The Food and Drug Administration is looking into reports of serious bleeding events associated with the anticoagulant dabigatran, the agency announced on Dec. 7.
Dabigatran (Pradaxa) was approved in October 2010 for long-term anticoagulation in patients with atrial fibrillation. The bleeding events, about which the FDA’s Division of Drug Information did not provide specifics, were reported to the Adverse Events Reporting System and were evaluated in November.
"While serious, even fatal events have been reported, the FDA is analyzing the events to determine whether the reports of bleeding in patients taking Pradaxa are occurring more commonly than would be expected, based on observations in the large clinical trial that supported the approval of Pradaxa," the agency wrote.
That trial was the RE-LY (Randomized Evaluation of Long Term Anticoagulant Therapy), a noninferiority study of 18,113 patients with nonvalvular atrial fibrillation and at least one other risk factor for stroke. Only the higher of two doses tested, 110 mg and 150 mg, was approved, apparently because it was more effective than warfarin in preventing stroke and systemic embolism. The 150-mg dose was found to be associated with a significantly increased risk of major GI bleeding, compared with warfarin, but also with a significant reduction in life-threatening and total bleeding.

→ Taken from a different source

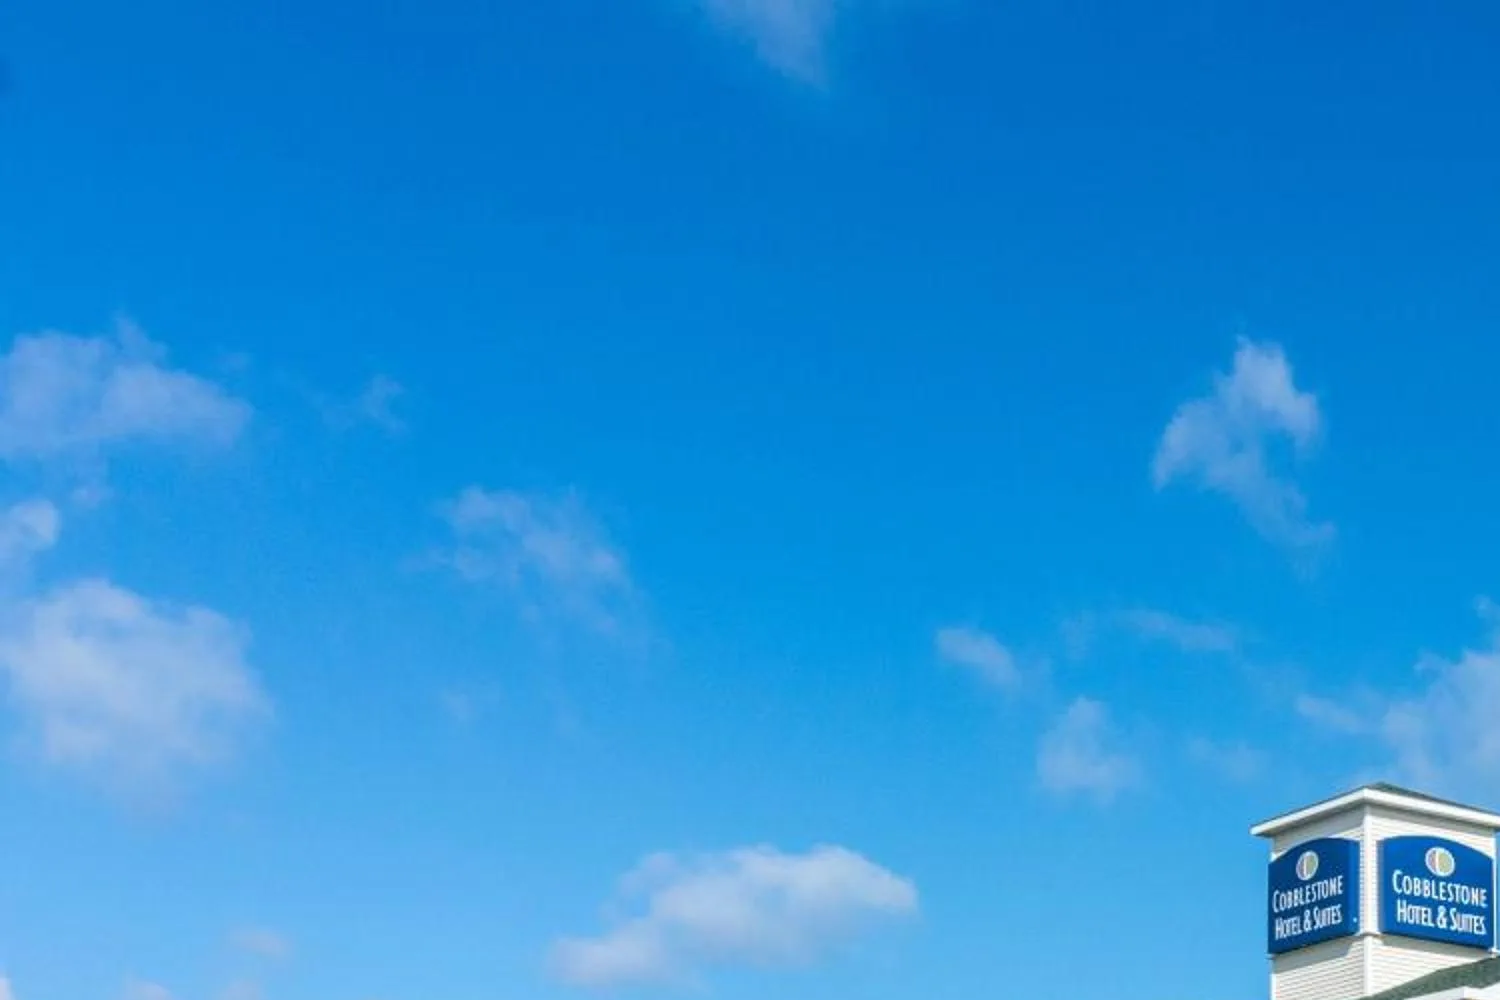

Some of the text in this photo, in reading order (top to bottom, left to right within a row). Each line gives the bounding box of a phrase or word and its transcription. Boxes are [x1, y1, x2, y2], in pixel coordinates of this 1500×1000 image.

The agency acknowledges that determining whether the reported events are occurring more than with dabigatran’s alternative, warfarin, is problematic. "Because warfarin has been marketed for over 50 years and is well-known to cause bleeding, patients and healthcare professionals are not likely to report bleeding in association with warfarin."
The FDA reaffirmed its belief that "the benefits of Pradaxa continue to exceed the potential risks when the drug is used appropriately." Further, it urged that health care professionals continue to prescribe Pradaxa, which is manufactured by Boehringer Ingelheim, following the recommendations in the drug label.